Another thought to a Ryzen solution: The part that is working is the UI interface, and the control plane of sending tuning commands to the tuner, and receiving control data back (confirmation of stream selection as well as song ID, etc). Can we use this part, which is 90% of the integration we want and solve the audio decoding externally? Tesla has done us a favor with the fallback behavior playing the audio stream of the last tuned FM station. Were we to decode the SiriusXM audio stream likely on the Broad R ethernet properly tuned already, we could just take the decoded analog signal and put it through an FM modulator whose audio is already playing through the MCU driven speakers in fallback to FM. The user experience under these conditions would
appear to be a fully integrated OEM SiriusXM experience using the Tesla SiriusXM OEM tuner with all controls using the native Tesla MCU SiriusXM client.
I handwaved away the hardest and most unknown part:
External decoding of the SiriusXM audio stream
However it looks like we have some pieces to start with stutech posted this response in this thread back in April 2023 to a separate question I asked.

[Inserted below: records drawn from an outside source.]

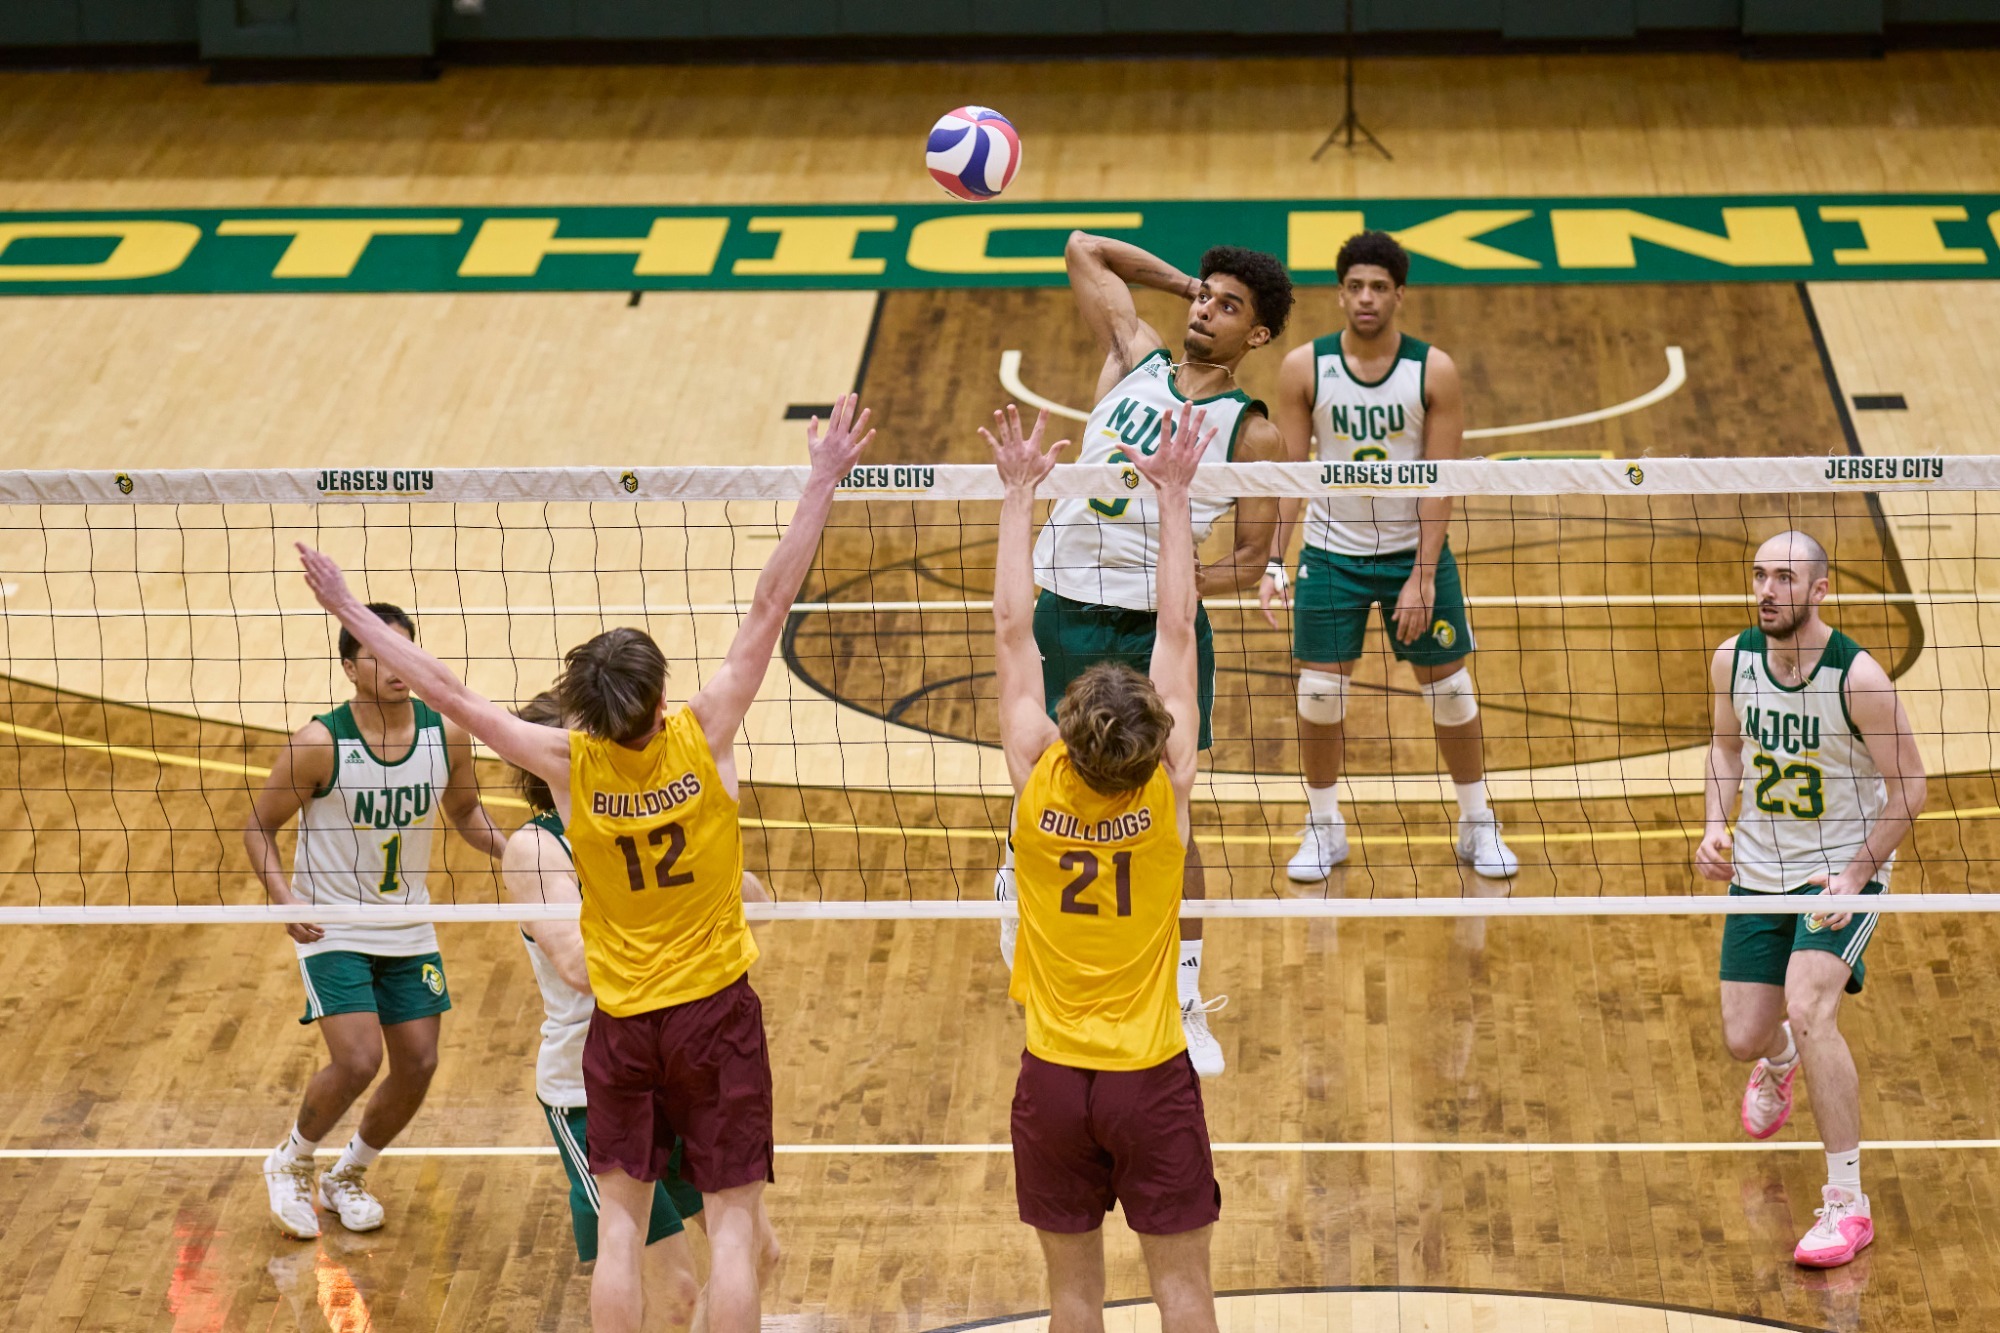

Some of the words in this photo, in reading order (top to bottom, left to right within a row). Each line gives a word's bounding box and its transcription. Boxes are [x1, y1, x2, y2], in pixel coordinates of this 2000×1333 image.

[1287, 205, 2000, 271] KNI
[1105, 397, 1200, 457] NJC
[1331, 403, 1405, 441] NJCU
[316, 470, 388, 491] JERSEY
[393, 470, 434, 491] CITY
[836, 467, 889, 488] RSEY
[894, 467, 935, 488] CITY
[1320, 464, 1393, 485] JERSEY
[1398, 463, 1438, 484] CITY
[1825, 458, 1897, 479] JERSEY
[1902, 458, 1943, 478] CITY
[1745, 705, 1820, 754] NJCU
[354, 782, 431, 830] NJCU
[592, 771, 701, 818] BULLDOGS
[1752, 752, 1826, 819] 23
[1039, 807, 1152, 843] BULLDOGS
[379, 834, 400, 894] 1
[614, 821, 695, 892] 12
[1059, 850, 1133, 917] 21

Good start! So what does audio encoded on Broad R look like? A quick read of this chapter...
...suggest:
"We focus on the current solutions for audio/video communications, i.e. Ethernet audio video bridging (AVB) specification. This specification has adapted Ethernet technology to meet electromagnetic constraints (EMC) specific to the automotive domain, and at the same time reducing the number of wires required to communicate (only one twisted pair in the current specification for at a throughput of 1 Gb/s instead of four). We review Physical (Broad R-Reach PHY) and Ethernet MAC layer in that perspective. Several new protocols including: clock synchronization (802.1AS gPTP), stream reservation and transmission protocols (IEEE 802.1Qat SRP and IEEE 1722) have been developed, and new mechanisms for forwarding and queuing frames have been proposed."

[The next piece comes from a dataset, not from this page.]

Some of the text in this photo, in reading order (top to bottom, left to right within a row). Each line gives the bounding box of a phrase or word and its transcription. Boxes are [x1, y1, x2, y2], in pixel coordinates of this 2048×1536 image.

Key words I'm picking out here are these protocols: IEEE 802.1Qat SRP and IEEE 1722
Stream Reservation Protocol:
en.wikipedia.org
This matches the description of how IEEE 802.1Qat SRP seems to work. IEEE 802.1Qat SRP and IEEE 1722 along with a number of other protocols appear to be all wrapped up in a larger standard called AVB (Audio/Video Bridging):
en.wikipedia.org
That "weird non-encrypted binary format" feels like it might be the AVB stream. So how do we take this stream and decode it externally? There appears to already be work on support with GStreamer and ALSA in Linux. Including a sample implementation of Talker
AND Listener! Here:
Getting Started with AVB on Linux* — TSN Documentation Project for Linux* 0.1 documentation
[/B]
gst-launch-1.0 clockselect. \( clock-id=realtime \
avtpsrc ifname=eth0.5 ! avtpcvfdepay streamid=0xAABBCCDDEEFF000A ! \
queue max-size-bytes=0 max-size-buffers=0 max-size-time=0 ! \
vaapih264dec ! videoconvert ! clockoverlay halignment=right ! autovideosink \)
[B]
The above is for a video stream, but the elements are there. We'd likely be in the dark on some needed values such as clock timing and frame size. External decoding would require some amount of computing power. Would a small SoC based system such as a Raspberry Pi be able to? Do the libraries exist compiled for ARM that would be required? Alternatively could an x86 based SFF system such as an Intel Nuc survive in a hot car? Those are question to address if the decoding is successful using desktop computing power.
If stutech has those wireshark dumps from the Ryzen car, it might be enough to get started. Honestly, I'm slightly beyond the edge of my knowledge here on the software side.
Has anyone explored down this line of thinking yet? If so, what have you found?